May. 11th, 2009 06:40 pm
[identity profile] andthedog.livejournal.com
Ha, ha.

I'm a hero now. What do you say to that, teacher? Can you hear me? This city almost reminds me of home. Stinks the same vile industrial fumes, but no cloud in the big gray sky looks the same. I'm truly touched.

If that's how it is, well. Let's see what happens. I was in the middle of something, you know, and I don't like starting over, but as long as I get front row seats in the next bloody war, hmm, I don't think I'll mind too much.

Hey, little bitch. Where are you, baby? Come out, I wanna play.
[identity profile] holymedaroli.livejournal.com

I’ve got a bad feeling about this place as is. That guy was way too big to be a Medabot. Then again, there was that guy that built all those Medaparts into himself…

And ‘Iron Man’? Doesn’t sound like any type I’ve ever heard of…Who does he think he is, just…Is this tag thing a license or something? I don’t think I can even reach the gas on dad’s car yet. Huh.

[Ikki coughs loudly. It is evident he’s feeling queasy from the Porter.]

Geez, I think I’m gonna puke…If…If I ever see that guy again, I’m going to have Metabee blast him into next week!

…Provided that I can find Metabee in this crazy dream of his!
[identity profile] theprimerprime.livejournal.com
[We join our hero in full-fledged rant mode, a catchy little tune playing in the background.]

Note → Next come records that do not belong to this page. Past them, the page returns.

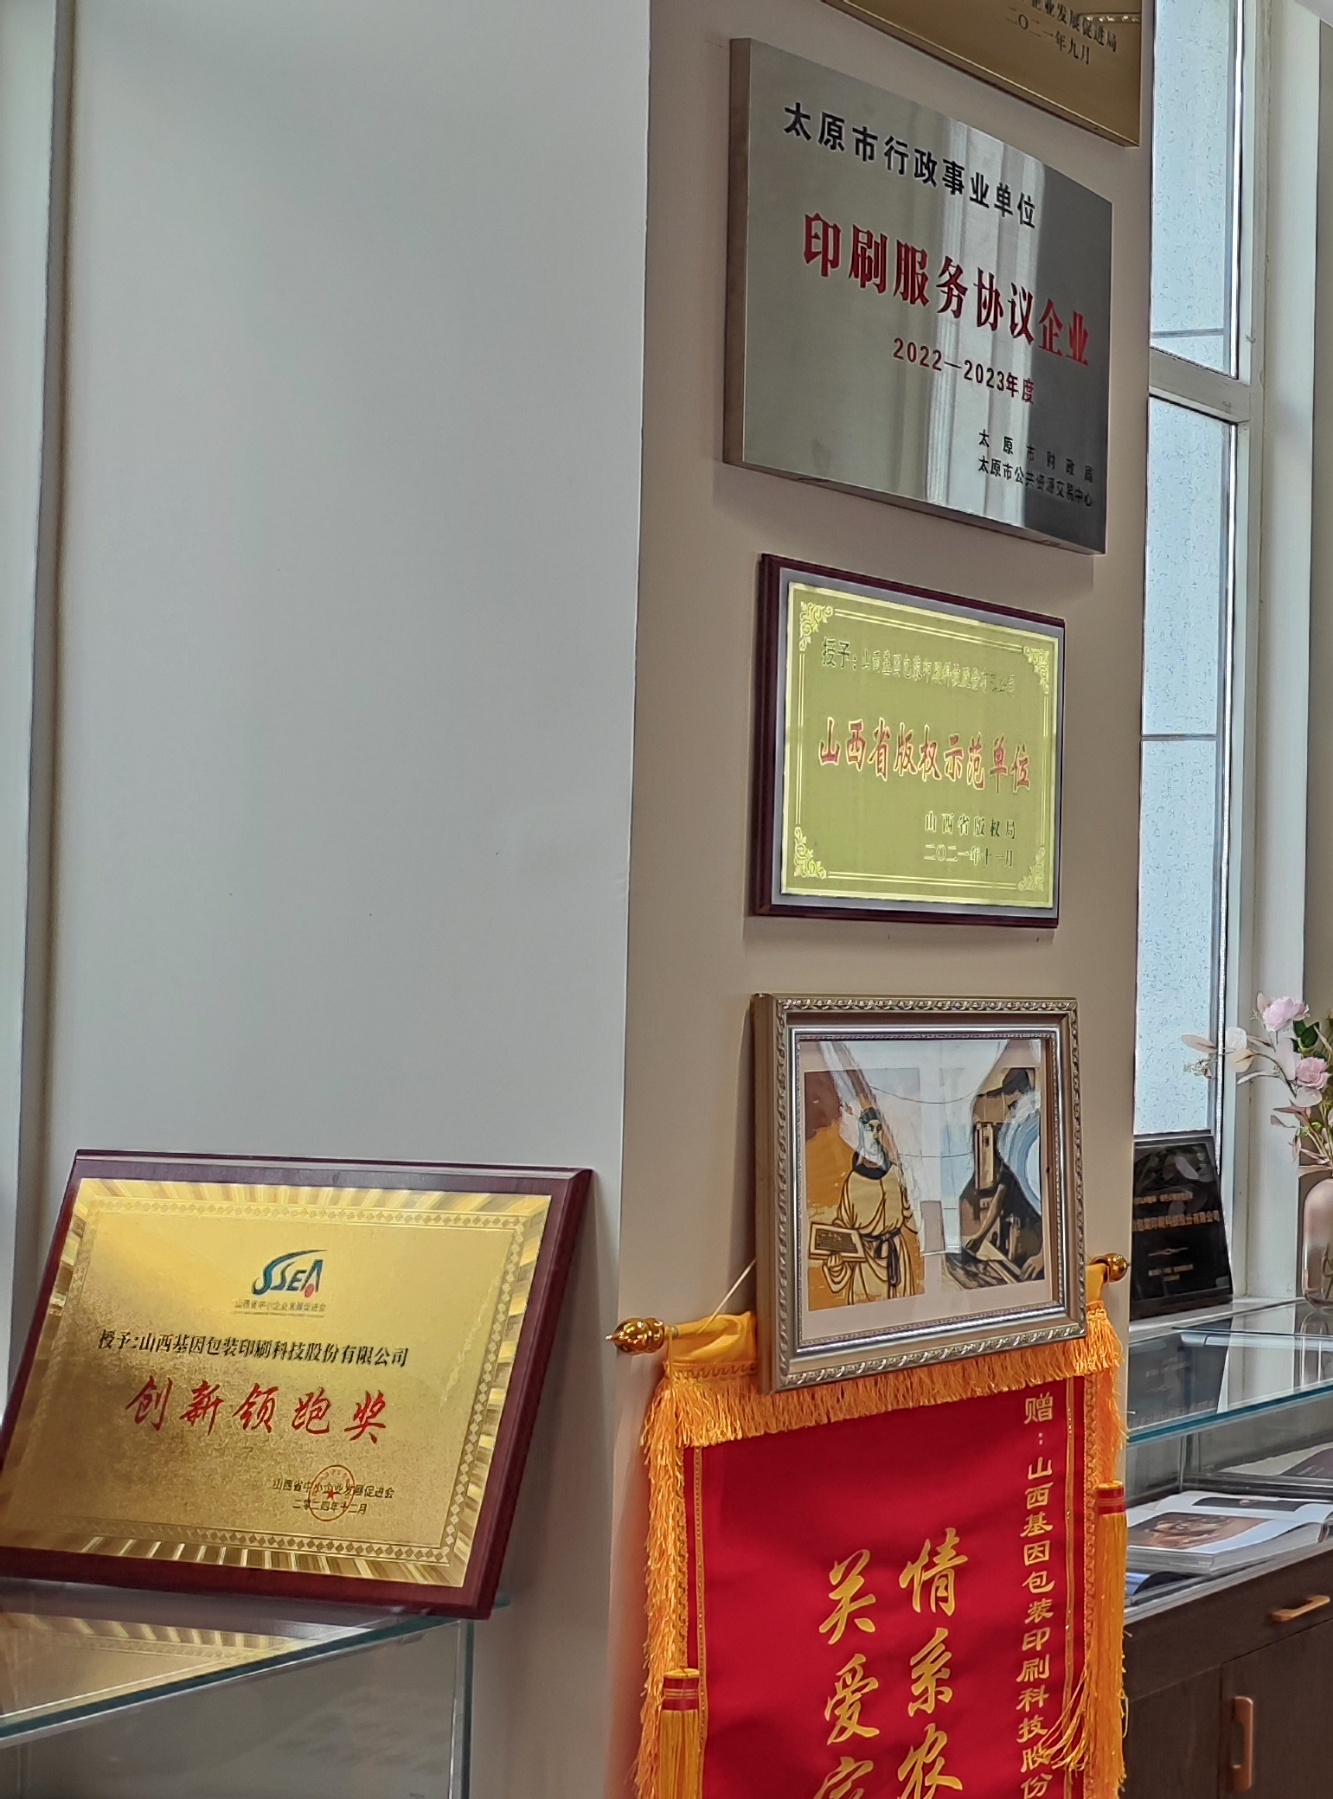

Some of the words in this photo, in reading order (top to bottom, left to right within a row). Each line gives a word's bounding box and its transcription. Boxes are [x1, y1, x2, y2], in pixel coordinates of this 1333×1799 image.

[783, 101, 1037, 230] 太原市行政事业单位
[802, 212, 1090, 367] 印刷服务协议企业
[978, 455, 1093, 507] 太原市公共资源交易中心
[818, 716, 1032, 794] 山西省版权示范单位
[924, 810, 1016, 840] 山西省版权局
[124, 1374, 388, 1445] 创新领跑奖
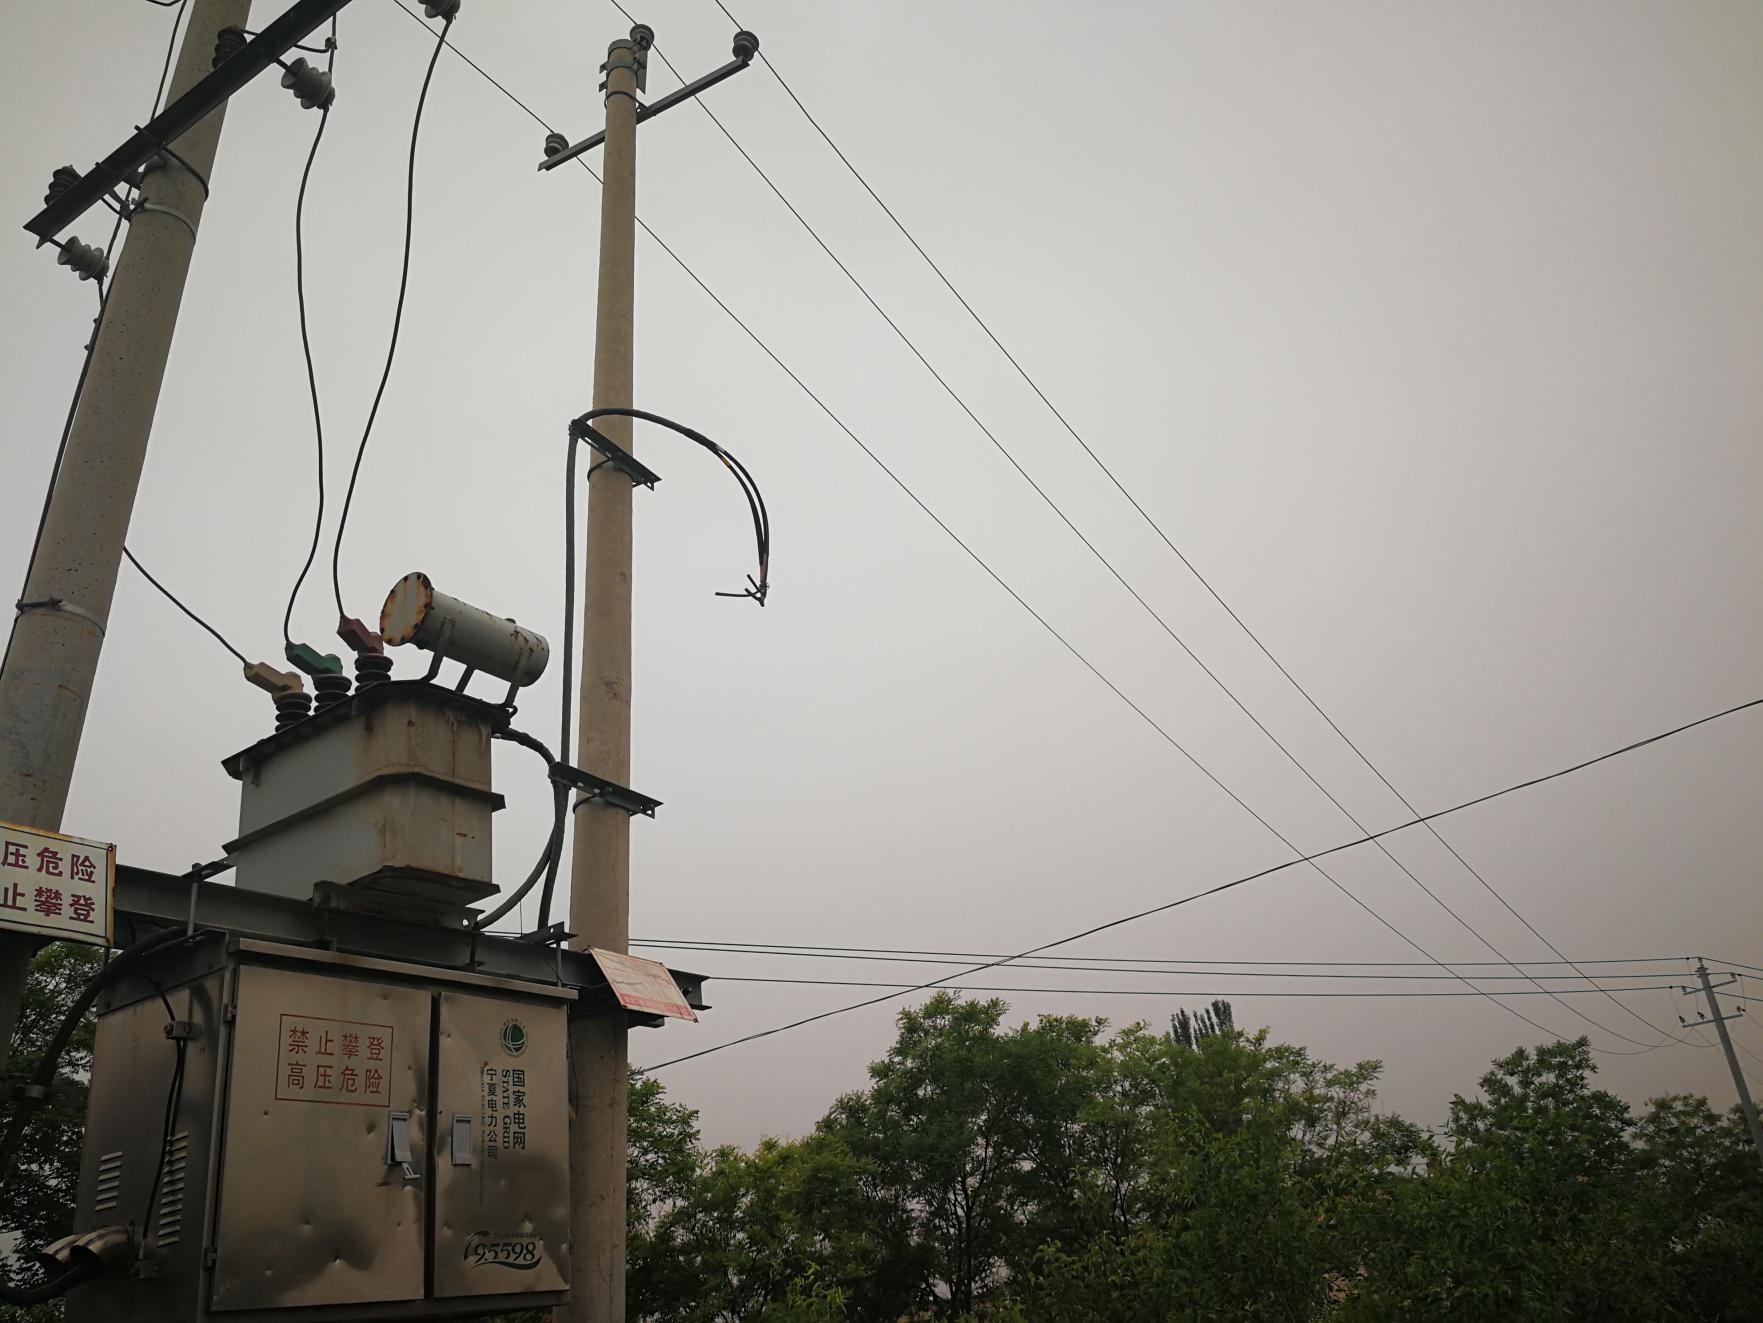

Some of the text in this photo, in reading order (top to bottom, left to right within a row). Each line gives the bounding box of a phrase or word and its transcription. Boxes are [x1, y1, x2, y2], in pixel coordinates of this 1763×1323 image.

[1, 841, 97, 884] 压危险
[0, 882, 96, 924] 止攀登
[288, 1026, 385, 1062] 禁止攀登
[286, 1061, 383, 1095] 高压危险
[486, 1068, 498, 1160] 宁夏电力公司
[501, 1069, 511, 1150] STATE GRID
[512, 1069, 526, 1150] 国家电网
[474, 1241, 537, 1264] 95598
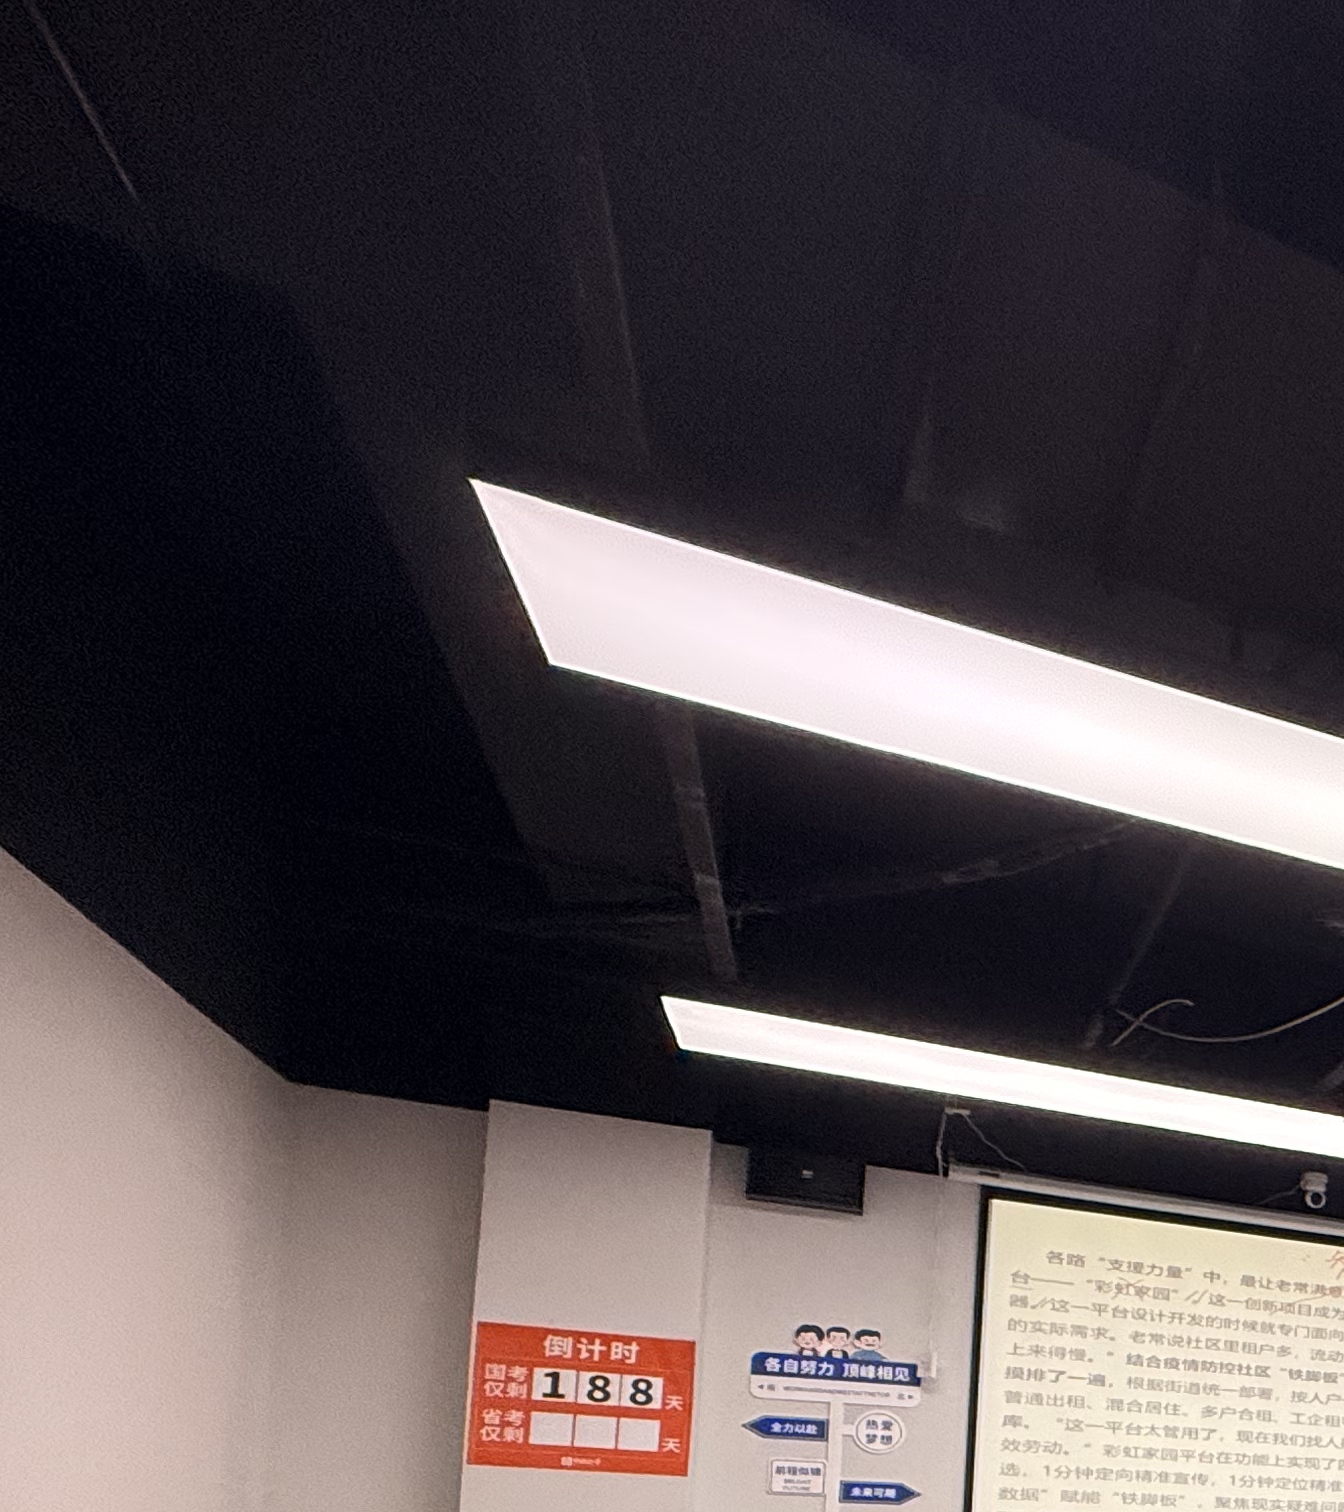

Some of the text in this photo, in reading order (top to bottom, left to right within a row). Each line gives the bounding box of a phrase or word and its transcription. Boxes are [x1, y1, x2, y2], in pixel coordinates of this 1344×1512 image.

[543, 1334, 640, 1364] 倒计时
[484, 1363, 529, 1382] 国考
[765, 1357, 911, 1382] 各自努力 顶峰相见
[484, 1381, 528, 1399] 仅剩
[542, 1371, 653, 1406] 188
[665, 1395, 683, 1411] 天
[482, 1409, 526, 1426] 省考
[480, 1426, 524, 1444] 仅剩
[662, 1438, 680, 1454] 天

I told them this was going to happen, but did they listen to me? No. Now we've got three escaped criminals, and one of them is the current leader of the Decepticons! So can we finally get to work on fortifying this place before we lose the rest of them? And could we maybe, oh, I don't know, actually get some people with superpowers to guard the people with superpowers?

[Long-suffering sigh.]

And that's on top of the reptiles falling from the sky, the vermin infesting Metabee's bedroom, some slag in my personal life that I don't even want to start discussing, and this stupid...annoying...MUSIC!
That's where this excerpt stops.